Patient safety is vital to healthcare, and it is the foundation of quality patient care. In essence, it is preventing errors and accidents that can harm the patient.
As CNAs who frequent the bedside and assist patients in their activities of daily living, patient safety is well in your hands. Alongside doctors and nurses who also have a fair share of this responsibility, CNAs like you are expected to keep patients from harm’s way in all possible ways.
Although many factors, such as understaffing, poor communication, and burnout, affect the way the staff can keep their patients safe, there are ways to prevent mishaps from happening and achieve favorable patient outcomes. The tips below should get you started.
1. Infection Control.
Did you know that nearly 1.7 million patients develop some form of infection two or more days after receiving care from a hospital or facility?
Healthcare-associated infections occur several days after admission, and this means that somewhere in their treatment timeline, there have been breaches in infection control protocols by staff. The sad part is that more than 98,000 of these patients succumb to these infections and die. And these tragedies don't have to happen.

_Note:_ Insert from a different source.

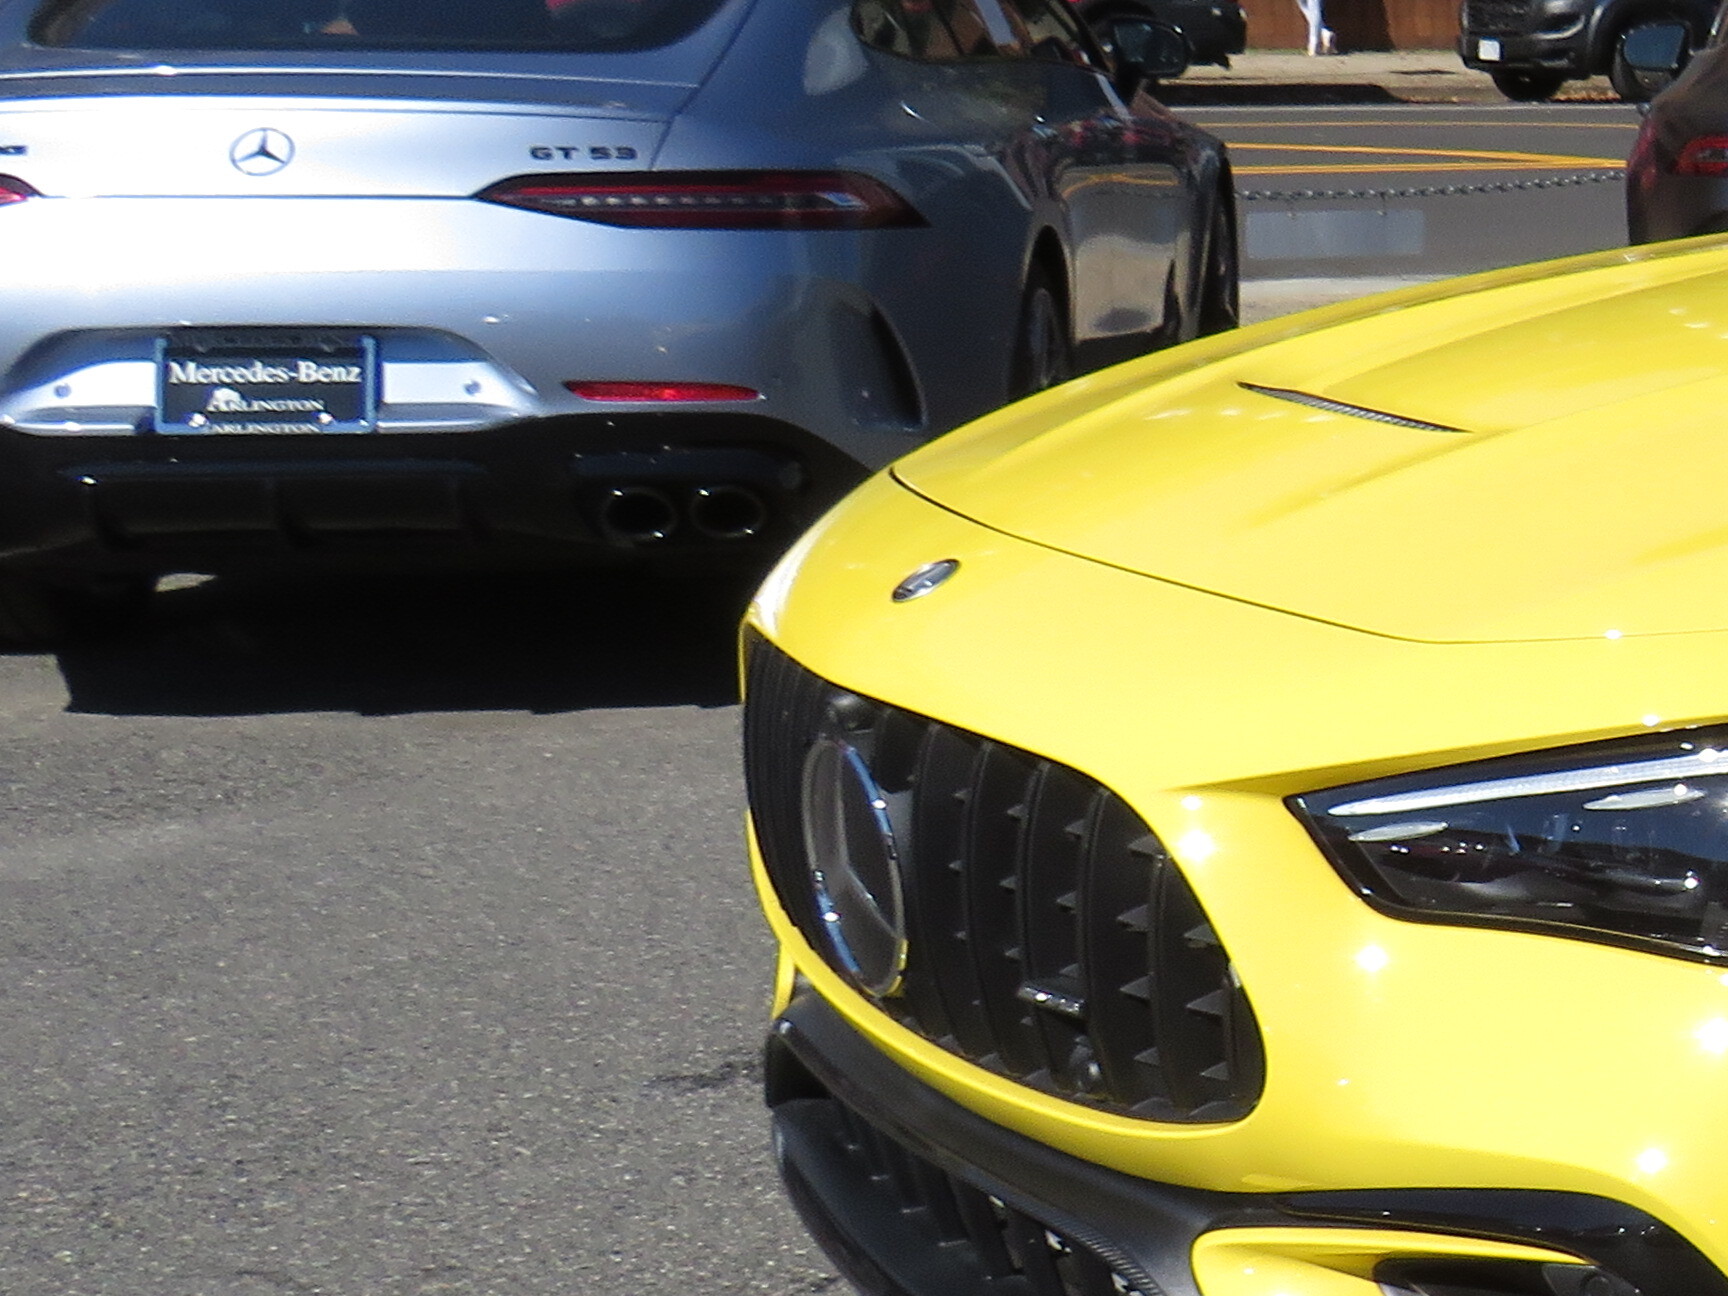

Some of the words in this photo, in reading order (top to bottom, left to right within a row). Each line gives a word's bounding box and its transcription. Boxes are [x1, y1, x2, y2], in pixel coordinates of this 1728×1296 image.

[529, 145, 579, 161] GT
[588, 145, 639, 161] 53
[169, 359, 363, 384] Mercedes-Benz
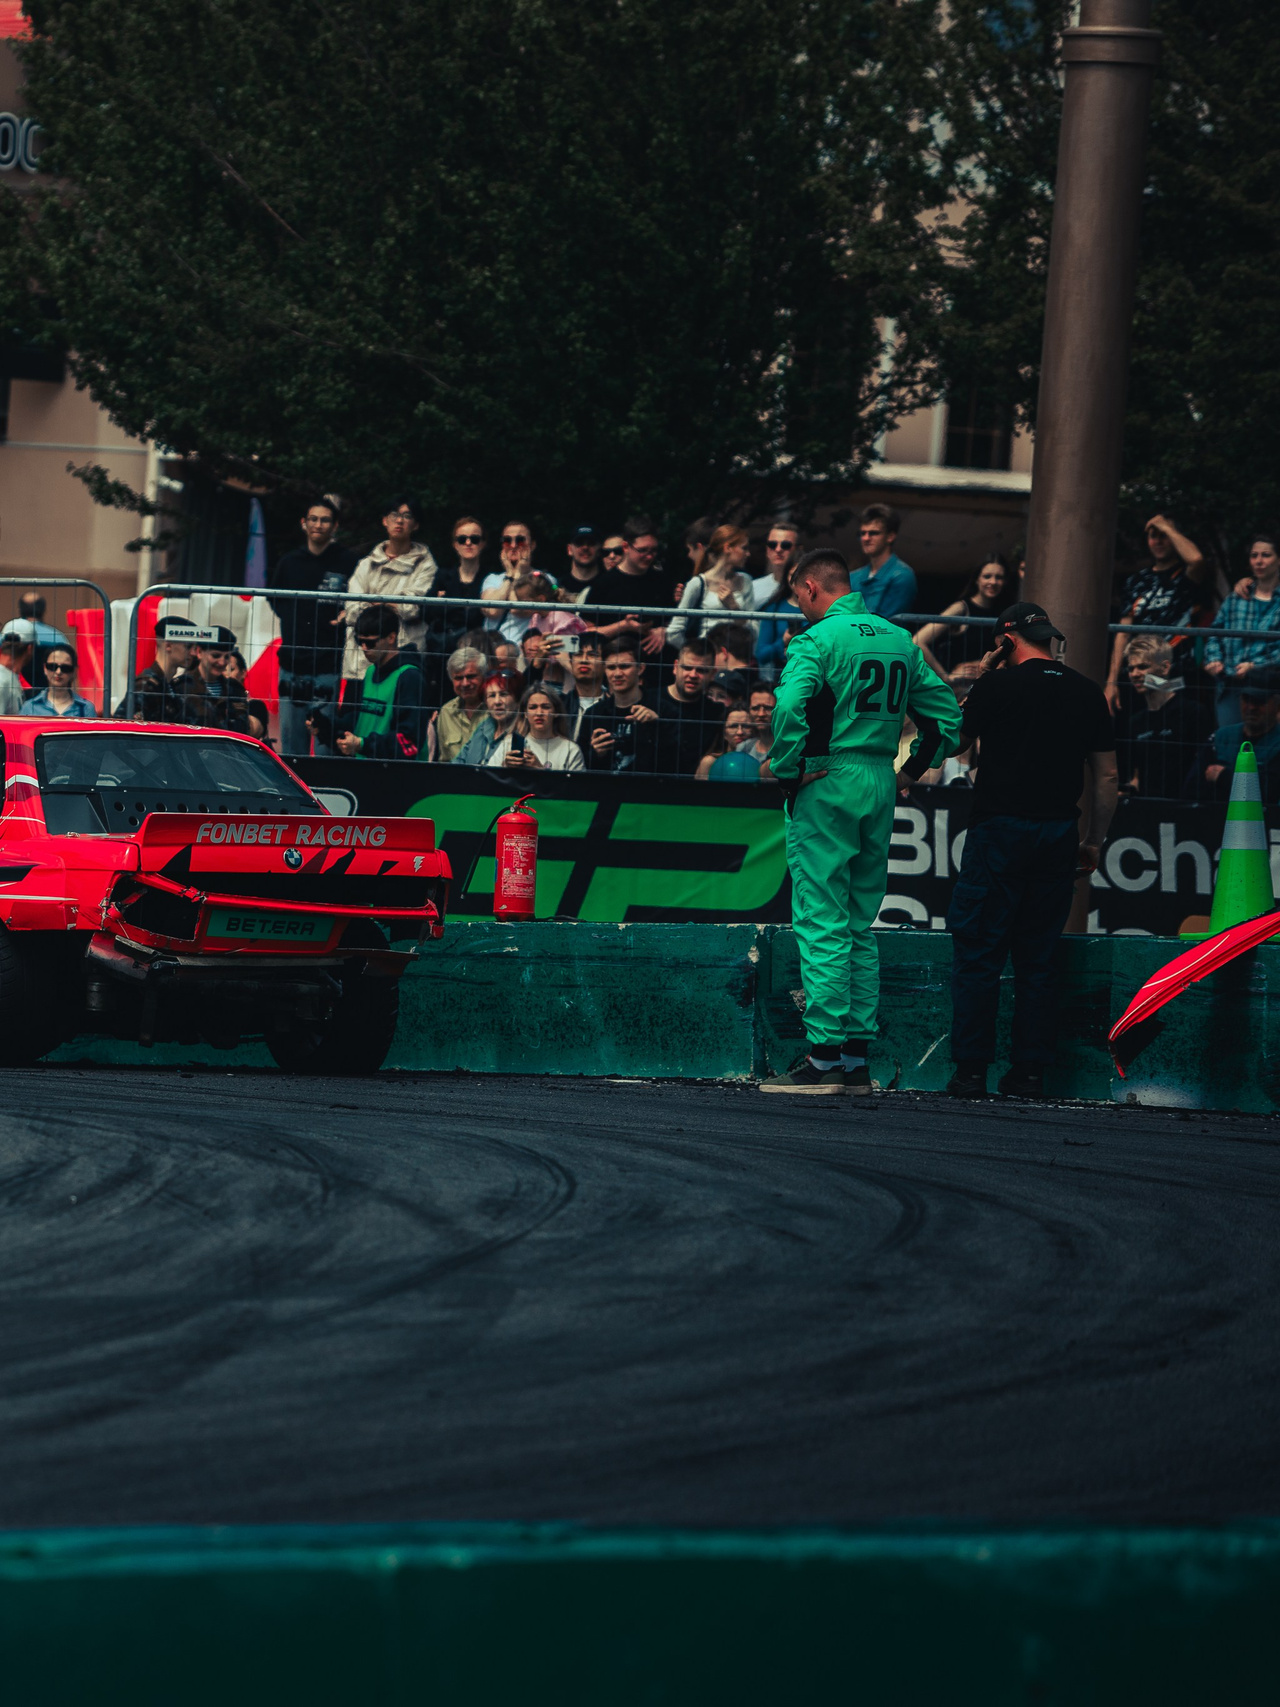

Studies show that simply practicing universal precautions, the most basic of which is thorough handwashing, can lower these numbers, shorten hospital stays, lower healthcare costs, and ultimately save lives.
a. Practice hand hygiene.
To prevent healthcare-associated infections, handwashing and the use of hand sanitizers are vital to patient safety. These procedures significantly reduce the transmission of microorganisms and keep infectious diseases at bay.
Wash your hands thoroughly with soap and water for 30-40 seconds. Clean all surfaces including the palms, the back of the hand, the sides and tips of the fingers, and the wrists. Rinse and then dry your hands with a paper towel.
If, for some reason, you cannot wash your hands, use hand sanitizers that have at least 60% alcohol. Use an amount that is enough to cover all of your hands' surfaces and let it air dry completely.
Perform hand hygiene before and after seeing a patient, after using the toilet, before and after meals, and after handling contaminated materials.
b. Use a mask when you have colds.
When you still need to go to work even if you have a cough or a runny nose, you must wear a mask. A mask serves as a barrier to prevent the direct spread of microorganisms.
Remember that patients are somehow more vulnerable to infections because of their poor health condition. You can protect them and keep them safe by wearing a mask.
c. Help patients perform hygiene measures, such as bathing and grooming.
Bathing and other hygiene measures help control the spread of bacteria and viruses that cause infections. Encourage the patients to wash their hands frequently, too.
d. Clean your surroundings and disinfect surfaces.
As a nursing assistant, one of your primary responsibility is to keep the patient's immediate environment clean always. Give particular attention to visibly dirty items because they are highly contaminated. The toilet and frequently-touched surfaces must be cleaned and disinfected as well.
2. Anticipate your patient's needs.
Knowing your patients well can be your ticket to keeping them safe from falls and other accidents. If, for example, you have a patient who drinks a lot of water after meals, schedule toileting about half an hour later. This strategy prevents them from tripping and falling as they hurry to get to the toilet.
3. Communicate effectively.
Many errors happen because of poor communication among staff and between the healthcare team and the patient. If a request is unclear, or if you have doubts about it, do not hesitate to verify it first before carrying it out.
Also, part of effective communication is listening. Listening and paying attention to patient concerns can promote patient safety. Allowing the patient to speak up encourages them to say if something doesn't feel or look right. Comments such as these are red flags for possible errors and signal that you need to probe further.
4. Use checklists.
Checklists are the healthcare team's universal language for task completion. It simplifies what still needs to be done, especially if things get complicated during a shift. Checklists help ensure patient safety by preventing harm caused by missed or repeated procedures.
5. Take care of yourself to avoid burnout.
Constant stress and exhaustion weaken one's decision-making abilities and open doors for mistakes while providing care. Studies show that burnout significantly compromises patient safety, so it is important to take care of your physical health and your mental and emotional wellbeing, too.
As part of the healthcare team, your contribution to patient safety truly matters because you are with the patient most of the time. If you have a keen eye, you'd see potential problems even before they happen. Knowing how to keep a patient safe at all times says that you are highly competent and responsible.